I have used Zinsser quite a few times to prime. You wont find a better stain blocker than their oil based product. If two coats on Zinsser Stain Block Primer doesn't cover the stain than nothing will. Having said that, the fumes are overwhelming and I find it difficult to work around. Second, because it's oil based, it's more difficult to roll out and more likely to allow the seams to flash. 

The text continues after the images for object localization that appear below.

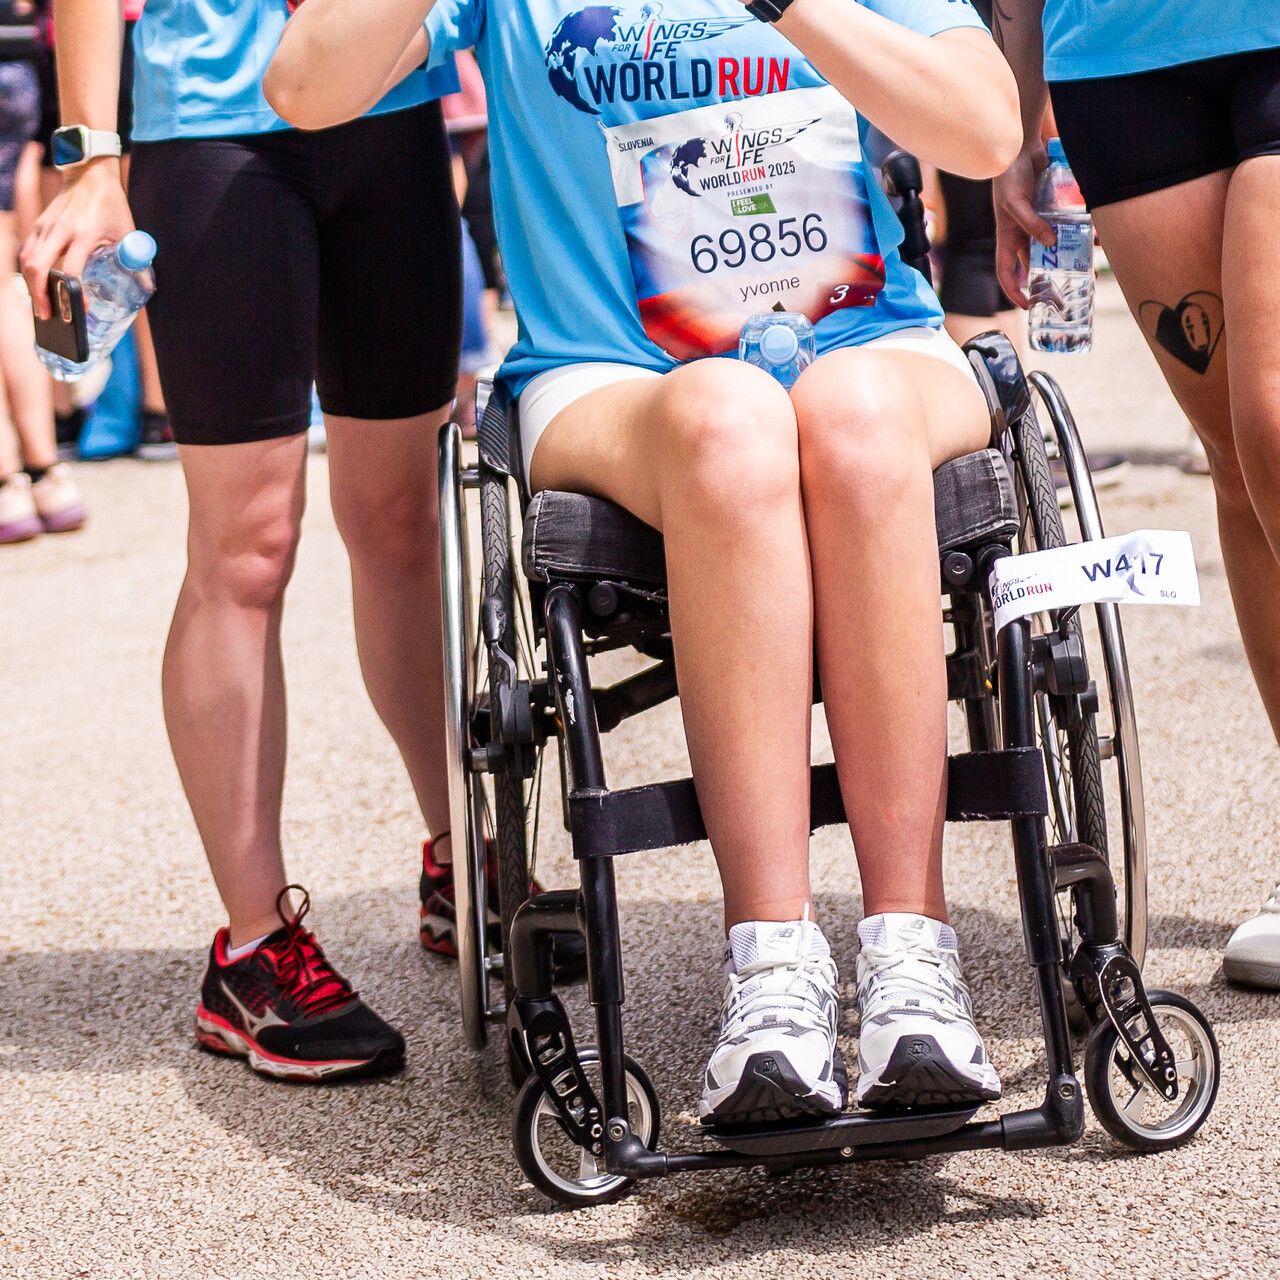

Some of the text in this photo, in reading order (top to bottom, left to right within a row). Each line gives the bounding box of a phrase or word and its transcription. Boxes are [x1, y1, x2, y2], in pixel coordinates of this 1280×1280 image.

[616, 20, 707, 42] WINGS
[612, 41, 682, 62] FOR LIFE
[583, 56, 790, 105] WORLD RUN
[618, 136, 655, 152] SLOVENIA
[710, 127, 782, 155] WINGS
[710, 147, 766, 170] FOR LIFE
[699, 160, 796, 191] WORLD RUN 2025
[727, 186, 763, 197] PRESENTED
[736, 197, 754, 207] FEEL
[689, 213, 828, 274] 69856
[739, 274, 801, 302] yvonne
[830, 284, 849, 303] 3
[1081, 552, 1163, 582] W417
[1026, 582, 1053, 596] RUN
[1160, 589, 1177, 599] SLO
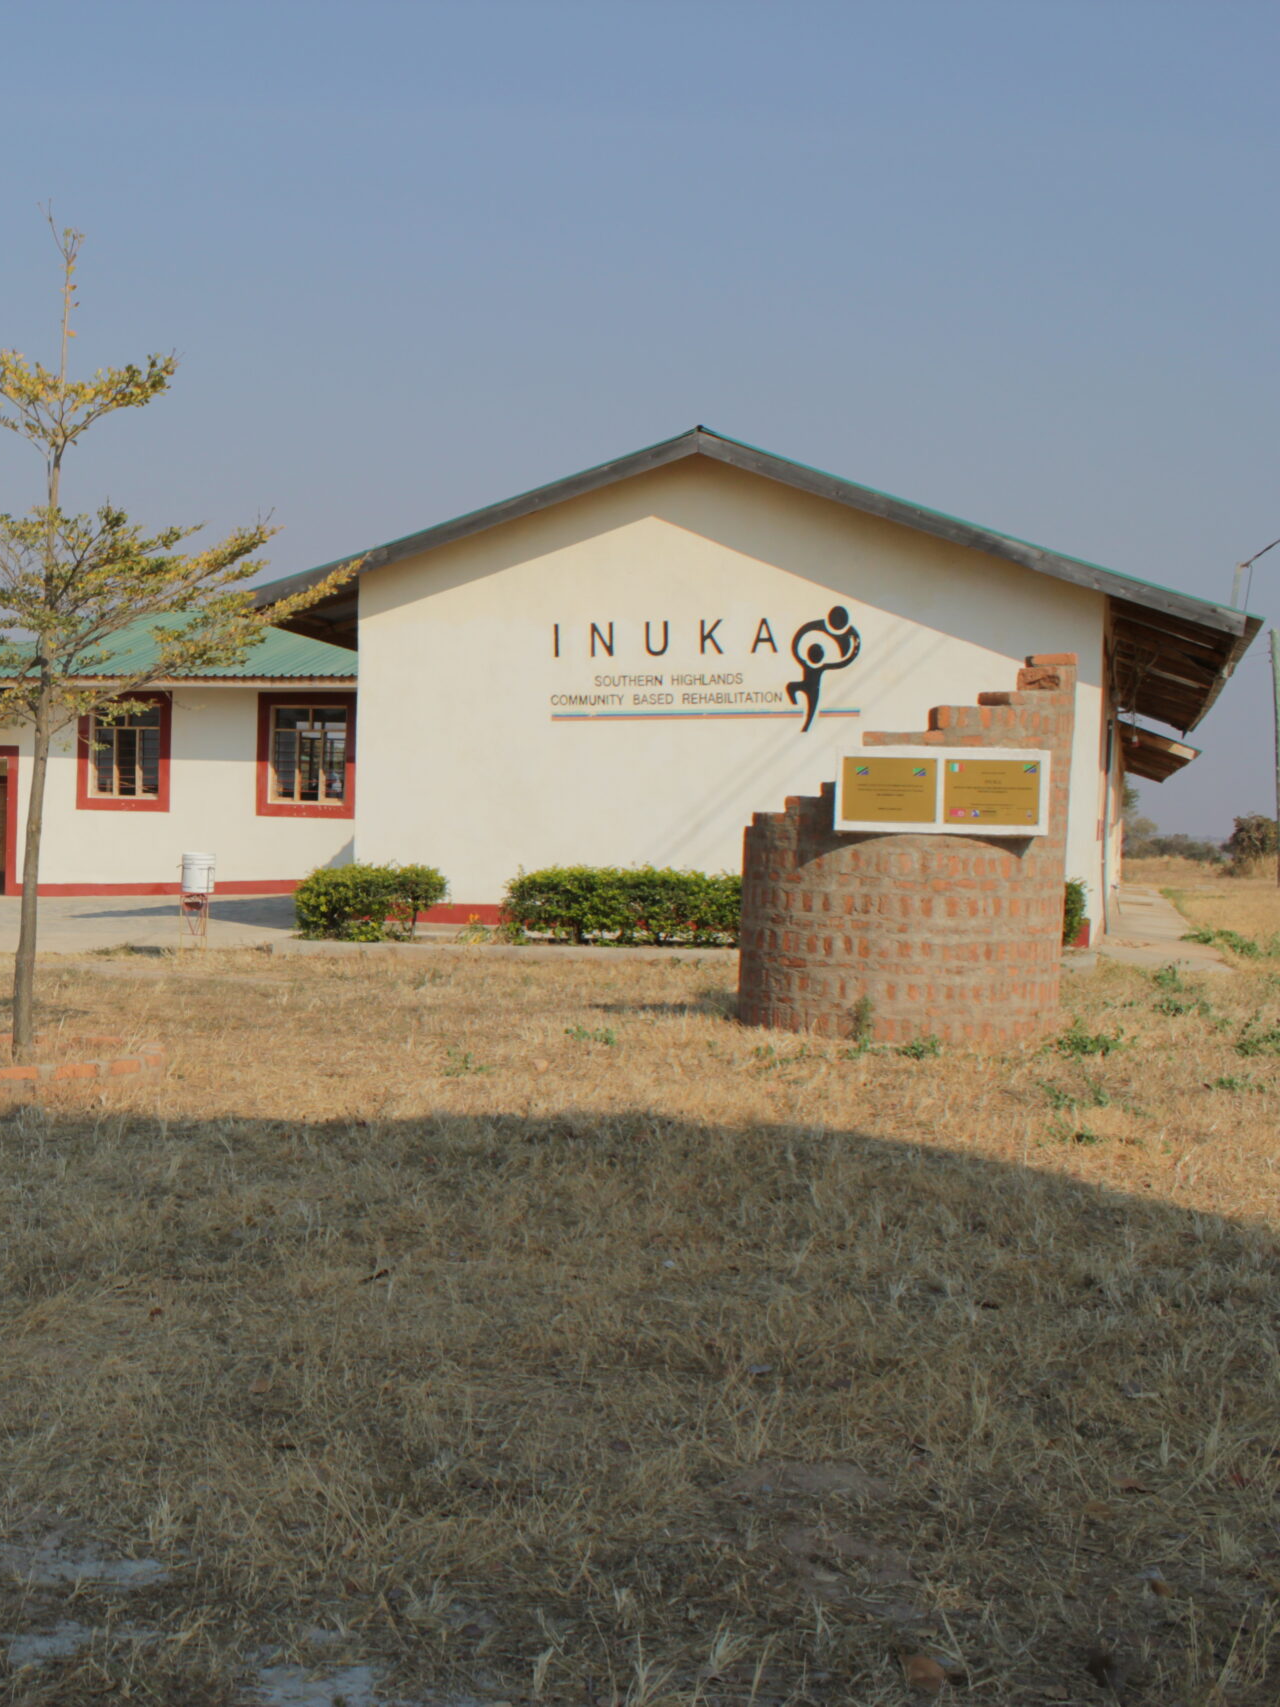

This is just my opinion.. As someone said above, I always recommend sticking with a flat latex for a prime coat simply because of the problems you can have with flashing with different sheens of paint.


----------



## gbruzze1

Big Shoe said:


> I'll take a stab at this. I tell all my customers to use PVA primers on newly finished drywall.
> 
> Or any brand ''made for drywall'' !!!!!!!
> 
> If you want to use cheap latex paint as primer, your drywall job better be near perfect or any touch-ups will flash. Just like AARC says.
> 
> My 2 cents worth.
> 
> Almost 28,000 views. :biggrin:


PVA primers are considerably cheaper then 100% acrylic primers, such as Benjamin Moore Fresh Start.


----------



## world llc

PVA primer...

no need for a thicker acrilic for prime coat on drywall....


----------



## WilsonRMDL

I always use SW promar 200 drywall primer, kida expensive but works great


----------



## 4uremodel

Everything has their own purpose, primer is primer, primer for first time wall it needs to use it, otherwise your wall will peel


----------



## heavy_d

4uremodel said:


> Everything has their own purpose, primer is primer, primer for first time wall it needs to use it, otherwise your wall will peel


How soon until you start trying to sell us marketing services?


----------



## Yianno

I haven't used BM primer in years even though BM is my #1 choice for paint. All my wall paint is always BM unless I end up getting Sico or BEHR. 

However, for primer I really like the BEHR primer. I find it covers well both in terms of sq.ft of wall plus the way it hides. 

I have been using SW paint this past two months. Been doing insurance work as a sub for this company my buddy work for. They supply all materials and they use SW paint. Their drywall primer covers and hides well. No complaints. 

I do have to say that with regular primer, something seems off about it when your going over compound. I find it "bleeds" though and you can tell where most of the spots you've touched up are lol.


----------



## avenge

Yianno said:


> I haven't used BM primer in years even though BM is my #1 choice for paint. All my wall paint is always BM unless I end up getting Sico or BEHR.
> 
> However, for primer I really like the BEHR primer. I find it covers well both in terms of sq.ft of wall plus the way it hides.
> 
> I have been using SW paint this past two months. Been doing insurance work as a sub for this company my buddy work for. They supply all materials and they use SW paint. Their drywall primer covers and hides well. No complaints.
> 
> I do have to say that with regular primer, something seems off about it when your going over compound. I find it "bleeds" though and you can tell where most of the spots you've touched up are lol.


There are primers then there are primers/sealers, using the incorrect primer and your paint will flash.

And I wouldn't use Behr anything even if they gave it to me for free.


----------



## EricBrancard

avenge said:


> And I wouldn't use Behr anything even if they gave it to me for free.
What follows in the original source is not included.